-- TASK DIRECTIONS --
Output each entry verbatim and exclude every picture from it.
┏━━
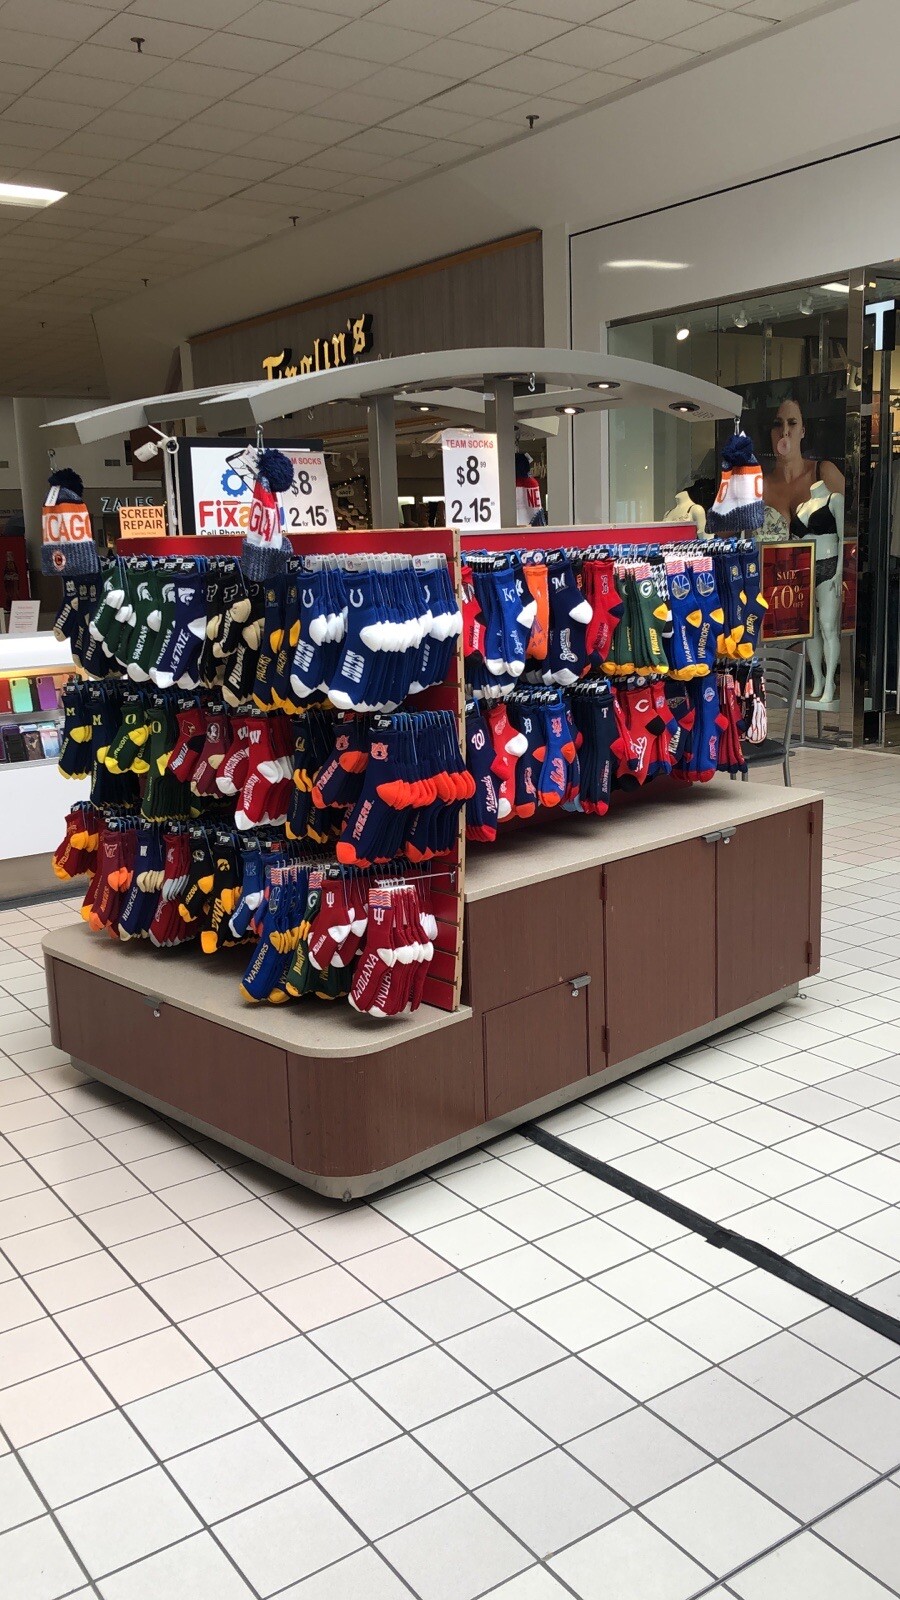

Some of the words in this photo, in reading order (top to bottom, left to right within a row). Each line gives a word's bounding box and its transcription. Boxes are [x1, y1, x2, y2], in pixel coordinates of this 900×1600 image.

[446, 439, 466, 449] TEAM
[467, 440, 494, 449] SOCKS
[298, 457, 322, 465] SOCKS
[101, 496, 154, 512] ZALES
[121, 508, 163, 519] SCREEN
[451, 500, 464, 523] 2
[123, 519, 163, 530] REPAIR
[289, 507, 301, 527] 2
[777, 570, 798, 581] SALE
[55, 603, 72, 629] IRISH
[132, 624, 148, 661] SPARTANS
[169, 629, 189, 673] K-STATE
[697, 622, 711, 660] WARRIORS
[255, 653, 272, 684] PACERS
[341, 649, 365, 684] COLTS
[66, 707, 75, 716] M
[601, 707, 609, 719] T
[634, 698, 650, 713] C
[92, 714, 103, 726] M
[125, 713, 137, 725] O
[152, 720, 162, 734] O
[249, 729, 262, 745] W
[471, 729, 485, 751] W
[316, 759, 338, 791] TIGERS
[550, 757, 565, 791] Mets
[243, 773, 260, 811] WISCONSIN
[481, 775, 498, 814] Nationals
[352, 799, 372, 841] TIGERS
[121, 886, 138, 921] HUSKIES
[312, 934, 327, 955] INDIANA
[244, 943, 269, 984] WARRIORS
[353, 953, 379, 1001] INDIANA
[375, 968, 392, 1008] INDIA
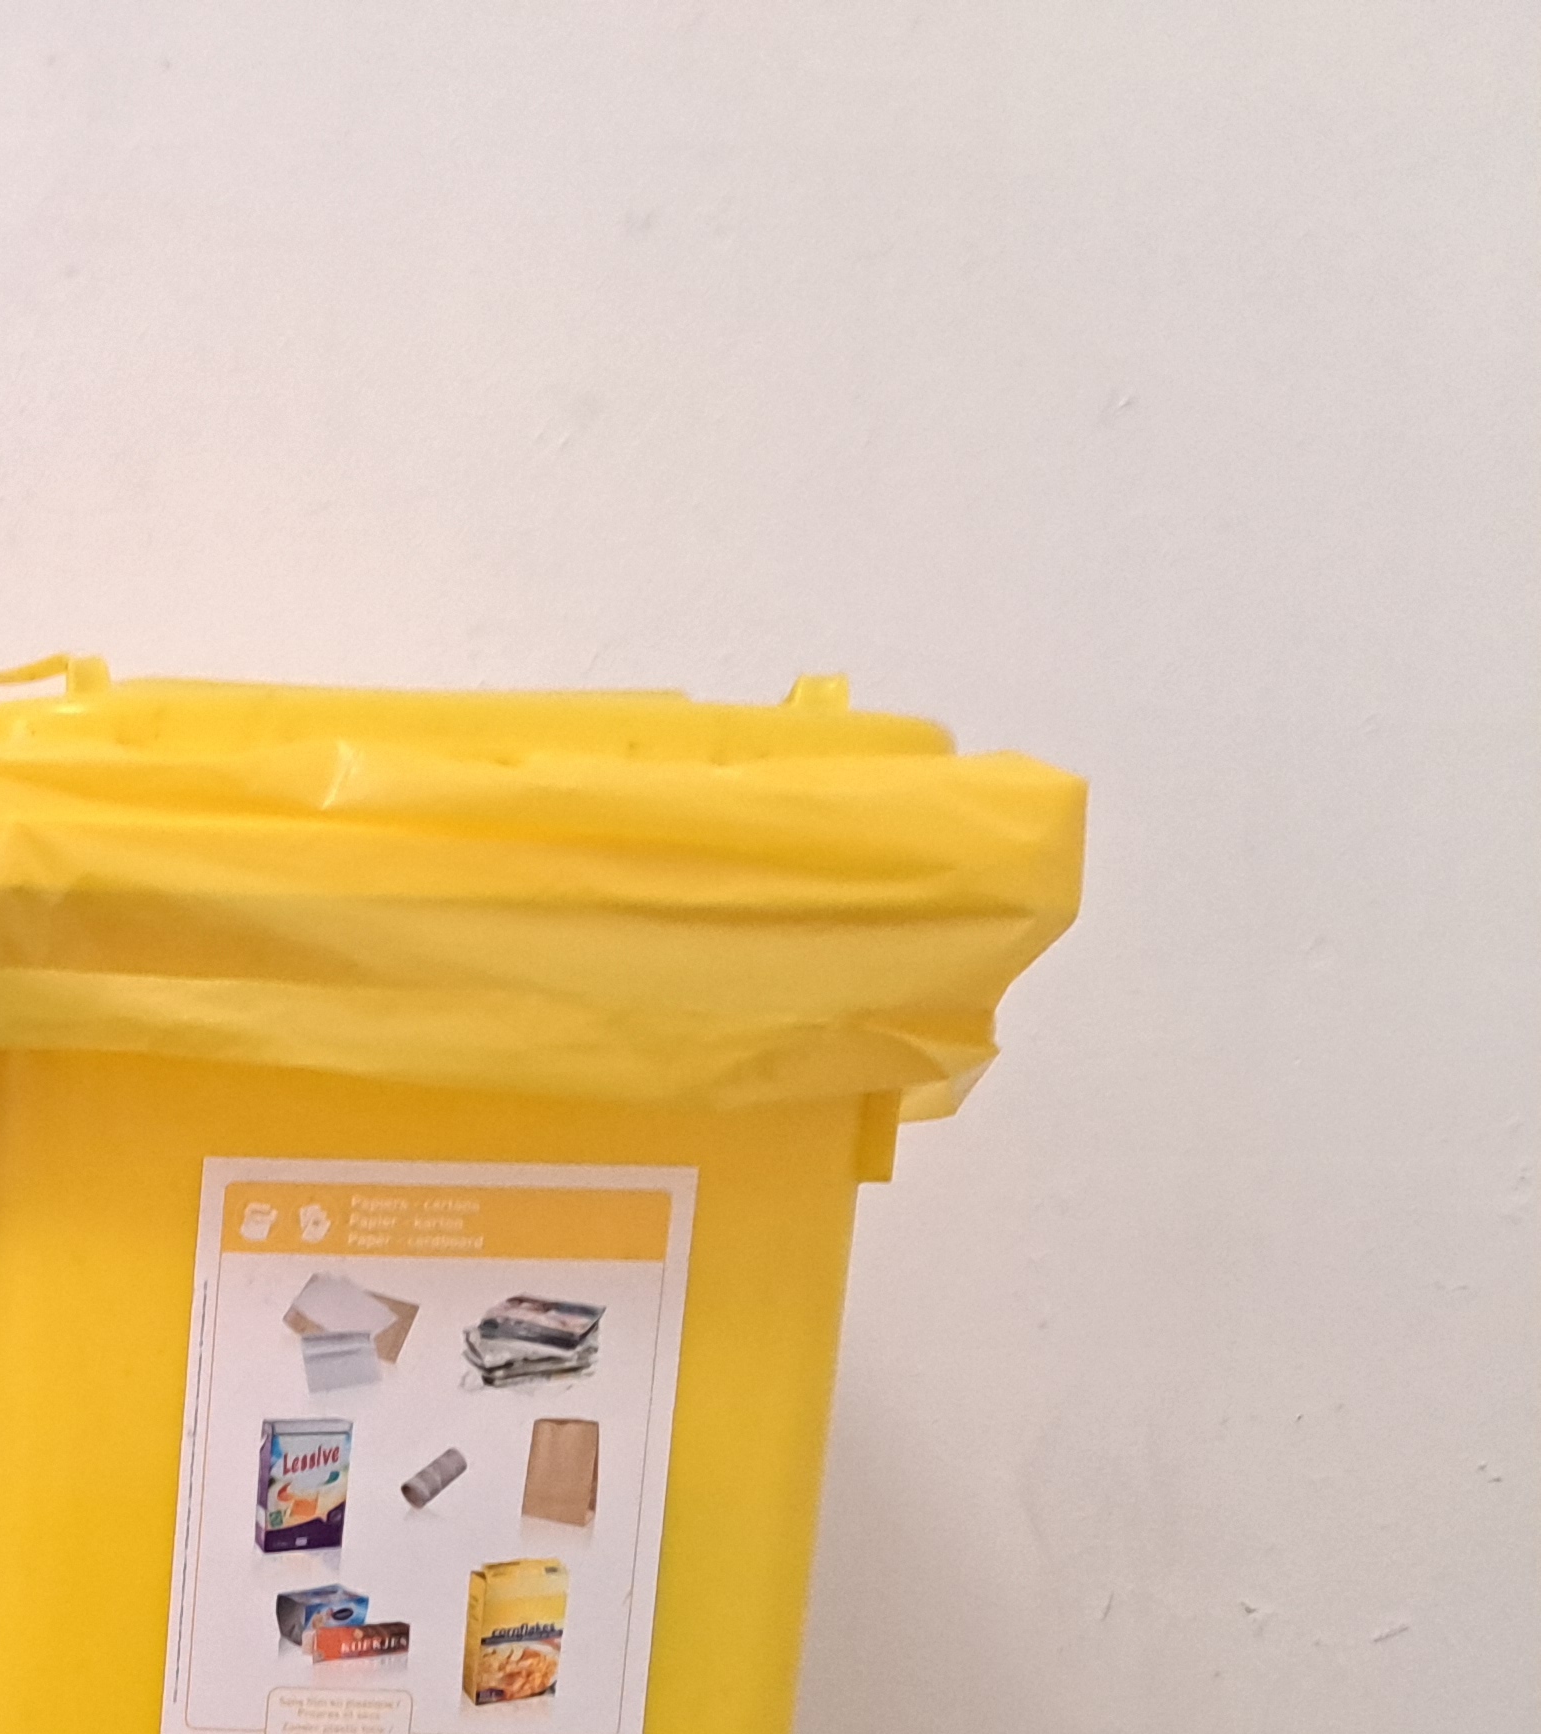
┗━━
-- SOLUTION --
Some of the words in this photo, in reading order (top to bottom, left to right within a row). Each line gives a word's bounding box and its transcription. Boxes are [x1, y1, x2, y2], in pixel coordinates of this 900×1600 image.

[446, 439, 466, 449] TEAM
[467, 440, 494, 449] SOCKS
[298, 457, 322, 465] SOCKS
[101, 496, 154, 512] ZALES
[121, 508, 163, 519] SCREEN
[451, 500, 464, 523] 2
[123, 519, 163, 530] REPAIR
[289, 507, 301, 527] 2
[777, 570, 798, 581] SALE
[55, 603, 72, 629] IRISH
[132, 624, 148, 661] SPARTANS
[169, 629, 189, 673] K-STATE
[697, 622, 711, 660] WARRIORS
[255, 653, 272, 684] PACERS
[341, 649, 365, 684] COLTS
[66, 707, 75, 716] M
[601, 707, 609, 719] T
[634, 698, 650, 713] C
[92, 714, 103, 726] M
[125, 713, 137, 725] O
[152, 720, 162, 734] O
[249, 729, 262, 745] W
[471, 729, 485, 751] W
[316, 759, 338, 791] TIGERS
[550, 757, 565, 791] Mets
[243, 773, 260, 811] WISCONSIN
[481, 775, 498, 814] Nationals
[352, 799, 372, 841] TIGERS
[121, 886, 138, 921] HUSKIES
[312, 934, 327, 955] INDIANA
[244, 943, 269, 984] WARRIORS
[353, 953, 379, 1001] INDIANA
[375, 968, 392, 1008] INDIA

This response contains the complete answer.